Supper PREP IT!
This dish holds up excessively extraordinary in the cooler, so it's optimal for supper prep! I likely won't get a chance to test it in the cooler in any case, in light of the fact that I'm eating through it so snappy.
Also try our recipe : Cauliflower Cucumber Corn Salad #veganrecipe
INGREDIENTS :
BALSAMIC ROASTED MUSHROOMS :
- 1 lb. mushrooms ($2.58)
- 1 Tbsp olive oil ($0.16)
- 3 Tbsp balsamic vinegar ($0.33)
- 1/2 Tbsp brown sugar ($0.02)
- 1 Tbsp soy sauce ($0.06)
- 2 cloves garlic, minced ($0.16)
- 1/4 tsp dried thyme ($0.02)
HERBY KALE MASHED POTATOES :
- 2 lbs. russet potatoes ($1.08)
- 6 oz. kale, chopped ($1.68)
- 1 Tbsp olive oil ($0.16)
- 3/4 tsp salt, divided ($0.04)
- 1/2 cup sour cream ($0.45)
- 1/2 cup milk ($0.17)
- 1 tsp dried parsley ($0.10)
- 1/2 tsp dried oregano ($0.05)
- 1/2 tsp dried basil ($0.05)
- 1/4 tsp garlic powder ($0.02)
- 1/4 tsp onion powder ($0.02)
- freshly cracked pepper ($0.02)
INSTRUCTIONS :
- Preheat the oven to 400ºF. Wash the mushrooms and cut them in half if they are large.
- In a small dish, stir together the olive oil, balsamic vinegar, brown sugar, soy sauce, minced garlic, and thyme.

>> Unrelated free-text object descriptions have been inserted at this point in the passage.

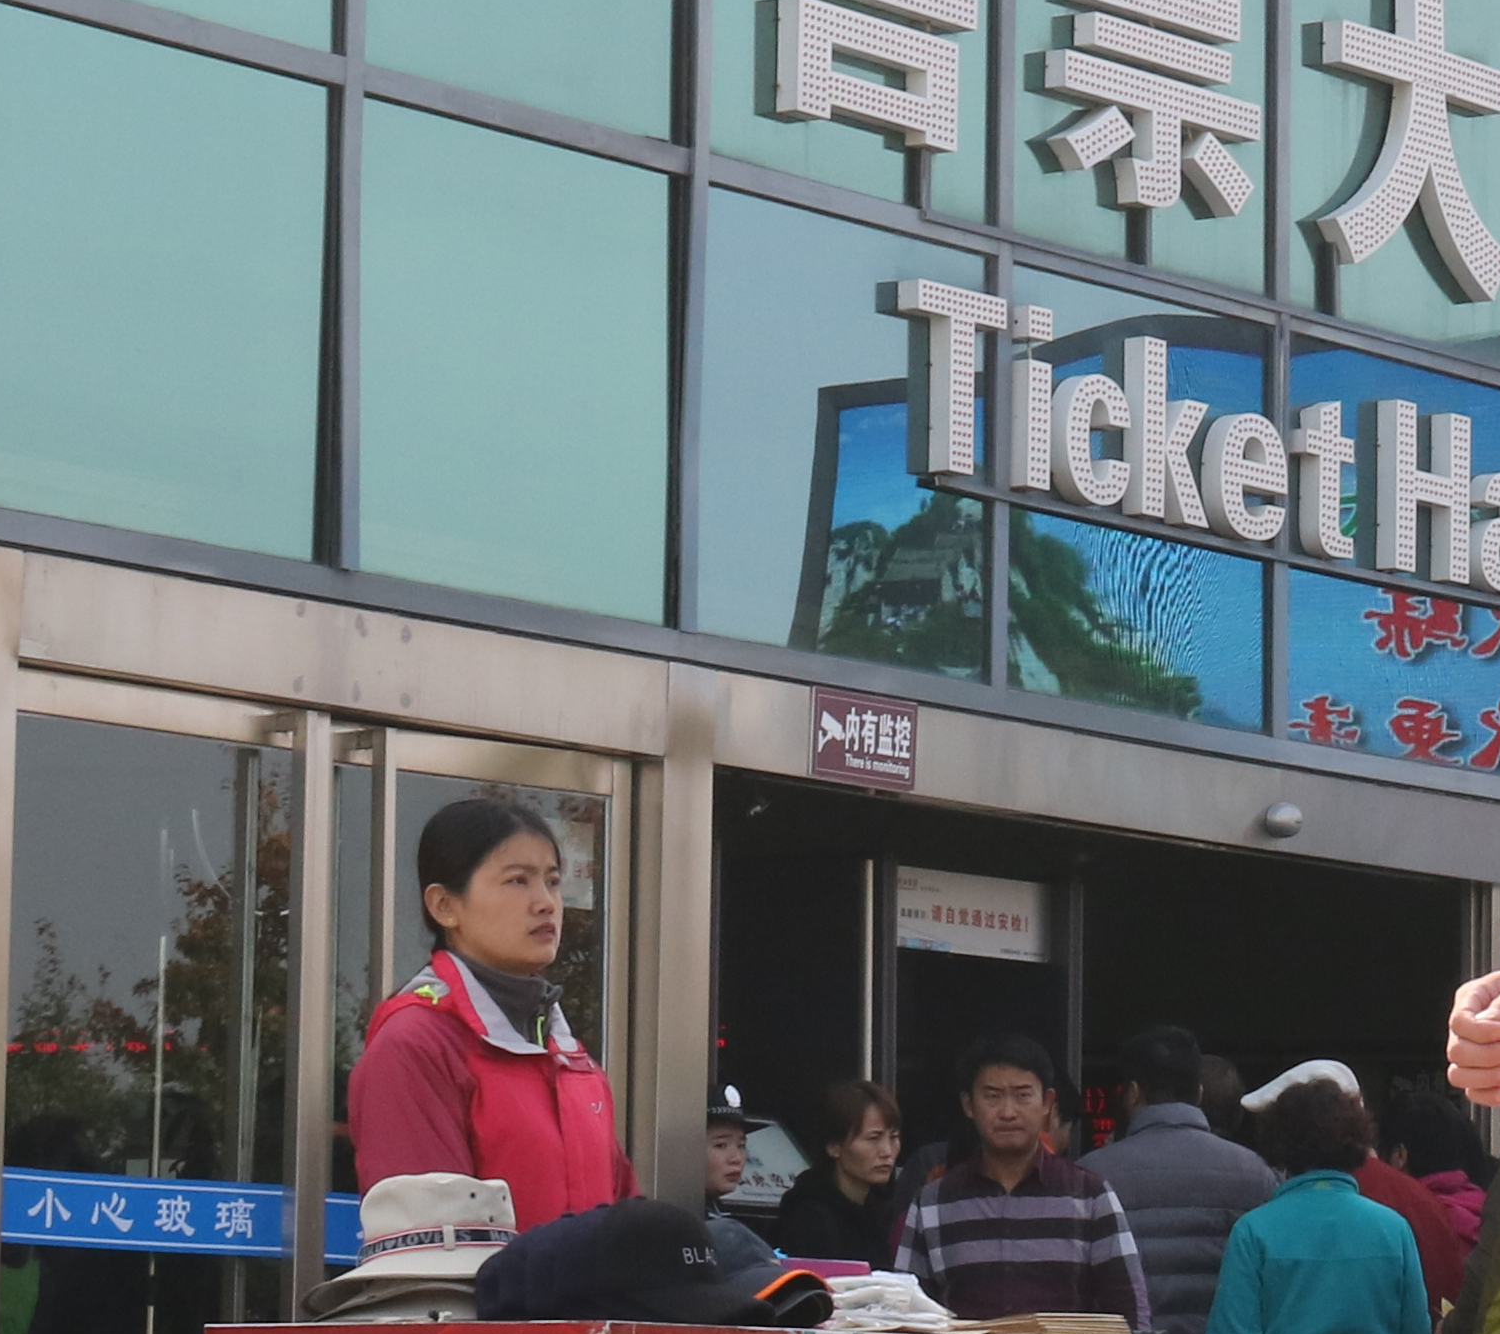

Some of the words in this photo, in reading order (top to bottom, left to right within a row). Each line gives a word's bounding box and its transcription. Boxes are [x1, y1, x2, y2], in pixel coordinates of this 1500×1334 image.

[882, 277, 1356, 562] Ticket
[844, 707, 912, 759] 内有监控
[845, 753, 865, 769] There
[865, 756, 872, 770] is
[872, 760, 910, 780] monitoring
[27, 1187, 256, 1240] 小心玻璃

Place the mushrooms in a casserole dish big enough to allow them to be in a single layer. Pour the balsamic marinade over top and stir until the mushrooms are coated.
- Transfer the the mushrooms to the preheated oven and roast for 45 minutes, giving them a stir every 15 minutes. After 45 minutes the mushrooms should be tender and there should be a nice sauce in the bottom of the dish.
- Meanwhile, prepare the mashed potatoes. Peel and dice the potatoes into one-inch cubes. Rinse the cubes well in a colander, then place them in a large pot, add 1/2 tsp salt, and cover with cool water. Place a lid on the pot, bring it up to a boil. Boil the potatoes until they are very tender (about 7-10 minutes).